On Thursday, February 9, I was interviewed for about ten minutes on Talk of the Nation, the daily national noontime broadcast from National Public Radio. It was a tremendous honor, and I left the little adjunct radio studio here in Oakland brimming over with so much more to say. Here is the interview I wish we could have had.

What is Occupy Oakland about?

I think this movement--here in Oakland and worldwide--is ultimately about love. Millions of people are coming out into the streets to say not only that they will no longer be exploited, but also that they will no longer participate in and benefit from the exploitation of others.

We are waking up in this country--one of the wealthiest in the world, comparatively--to the reality that the social systems and structures within which we live force us into exploitative relationships with people here and around the world, as well as with animals and the planet. We rely for "safety" on a racist and classist criminal justice system that currently incarcerates more African American men than were enslaved in the pre-Civil War era while letting white-collar criminals walk free. Many of us wear clothing that we had no idea was made in sweatshops and cosmetics that we didn't realize were tested in torturous ways on animals. We eat Hershey's chocolate and M&Ms made from cacao beans harvested by child slaves in West Africa and shipped back and forth across the globe for processing and packaging at tremendous cost in environmental impact and consumption of scarce fossil fuels.

As we start to meet each other--online and in the streets--and as we begin to talk to each other and share what we each can see of the world, we are awakening to these realities. We are becoming unwilling to secure a good life for ourselves at the expense of our neighbors and new friends.

Cornel West says that "justice is what love looks like in public." Ultimately, that is the aim of this movement. We are seeking a life worth living for everyone. This goal goes so far beyond any limited policy demands, and challenges so deeply the fundamental assumptions about how things have to be, that we are often accused of having no demands. In a sense, our demand is on each other to show up, listen, be honest, and help us invent a new way forward. We also demand the Constitutionally guaranteed right to assemble and speak out so that we can have those conversations in the public square, where they are accessible to everyone.

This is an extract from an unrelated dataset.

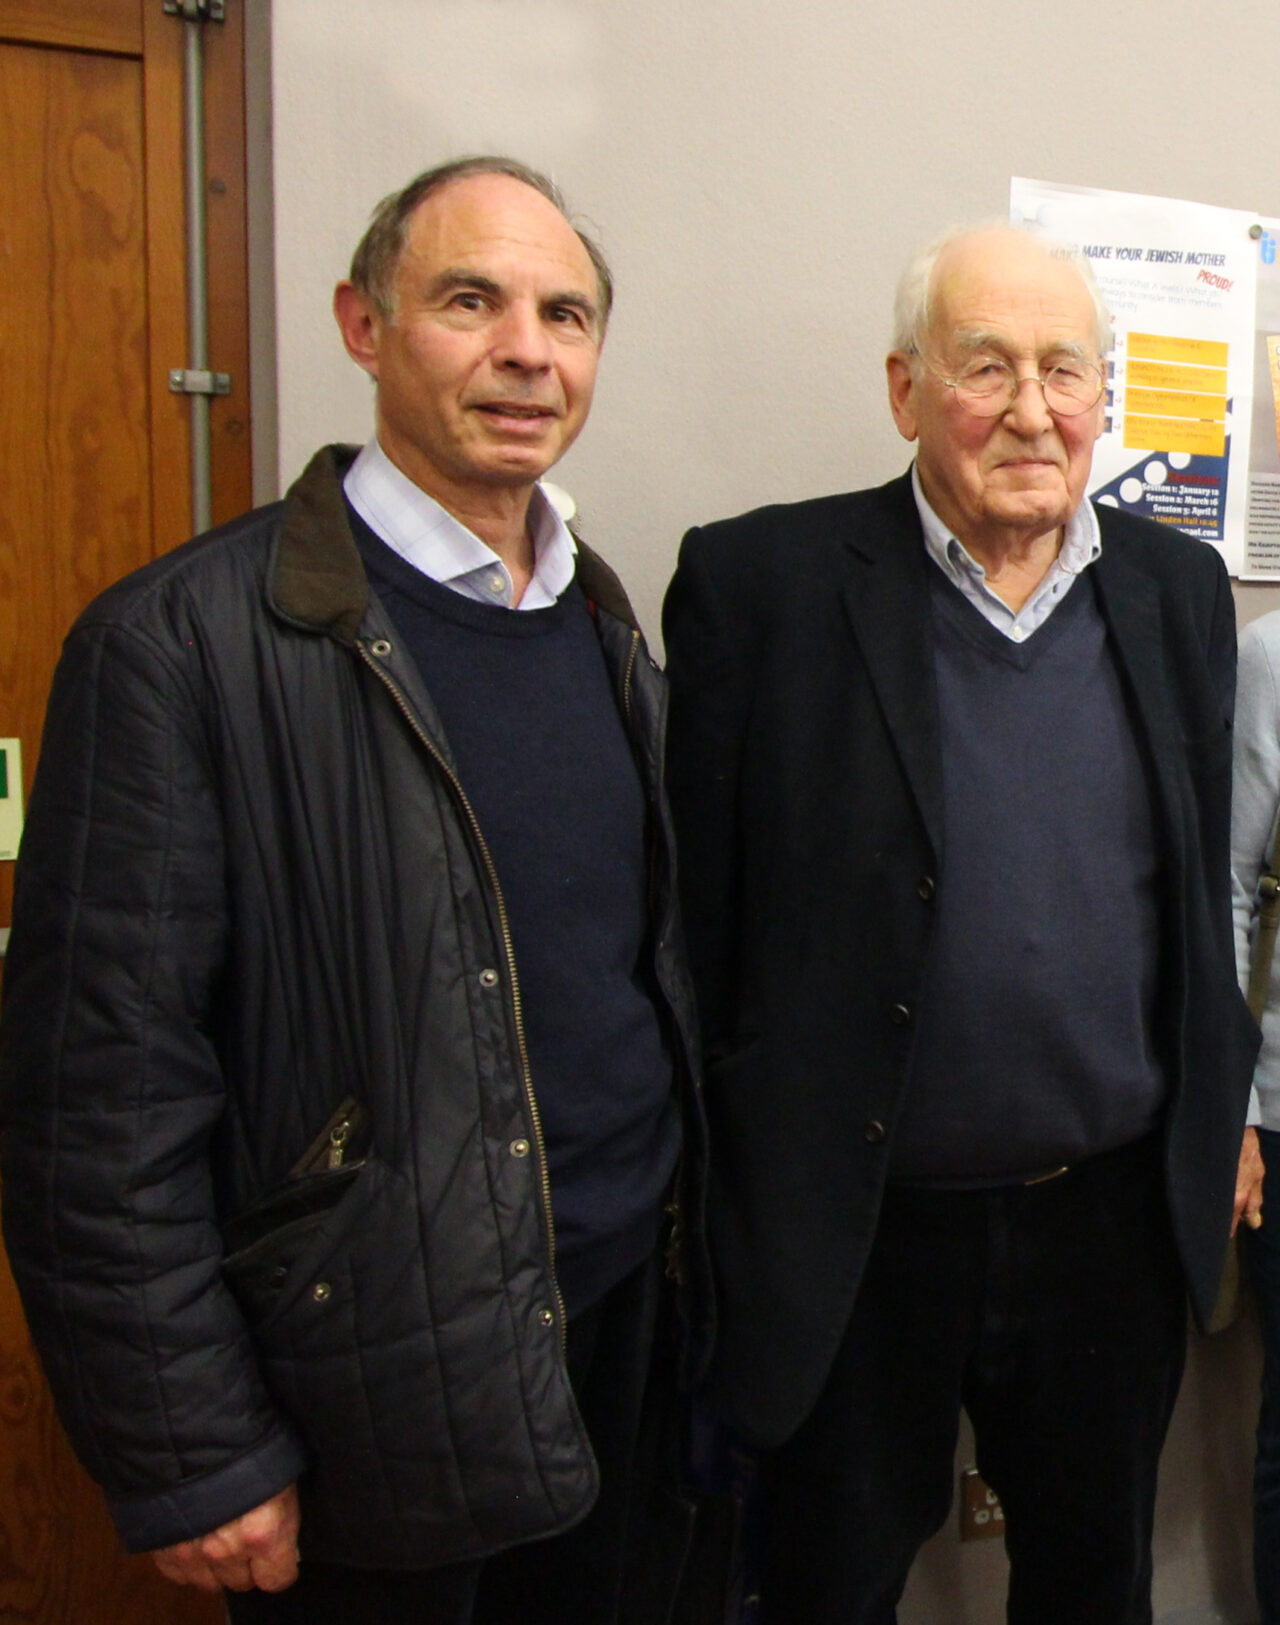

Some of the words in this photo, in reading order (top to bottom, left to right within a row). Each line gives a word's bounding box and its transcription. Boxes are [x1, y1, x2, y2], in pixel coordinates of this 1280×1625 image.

How does this aim of "love" square with the increasing violence in the protests there in Oakland?

Occupy Oakland is nonviolent, at least in terms of actions initiated by protesters. (The police, on the other hand, have not been nonviolent.)

I understand that the perception of OO as violent comes from the mainstream media, which eagerly runs a photo of someone in a black bandana tossing a tear gas canister back at the police, but never covers the more deadly violence of the status quo. Where are the national news stories about the decades-long epidemic of police brutality in Oakland and other cities around the country? What about the violence of toxins seeping into our groundwater or being spewed into the air as byproducts of manufacturing? What about the violence of a criminal justice system that isolates people in solitary housing units for years on end, denies prisoners needed medical care, and even executes people? Or the violence of the Apple corporation, which asks Chinese workers in iPhone and iPad factories to sign contracts that they won't commit suicide as a result of brutal working conditions, or that if they do, their families won't sue for more than the legal minimum in damages?

This kind of ongoing violence, violence in which we all participate and from which many of us benefit, is so pervasive as to have become invisible. It is certainly not deemed newsworthy.

Aren't the police part of the 99%? Why is Occupy Oakland locked in a struggle with the police?

We might ask the same question! When our movement started, we were focused broadly on social and economic justice. In addition to staging marches on the banks, we also modeled an alternative way of living at our encampment at Oscar Grant Plaza, providing food, medical care, and makeshift housing (in tents) for hundreds of people. We had a stationary bicycle hooked up to a generator so that people could charge their phones and laptops, and we were holding workshops on things like community gardening and starting cooperative businesses.

Then, on October 25 and again on November 15, the city ordered police raids to take down the camps. In the wake of the second encampment, we started a 24/7 vigil at Oscar Grant Plaza, navigating the city's labyrinthine permitting process only to face continual police harassment, which included confiscating our food, taking blankets from homeless people, and ticketing people for having bicycles and umbrellas on the plaza. Eventually, even the vigil was torn down by 40 riot police at midnight on January 4. Police repression has increased steadily in the past months, culminating in the kettling and arrest of more than 400 peaceful marchers on January 28, and, ironically, in the arrival of more than 20 riot police at a subsequent anti-repression rally, where the police pushed into the crowd with batons drawn and confiscated our sound equipment. That is why we are angry with the police-that, and the long history of police brutality, especially in communities of color, in this city.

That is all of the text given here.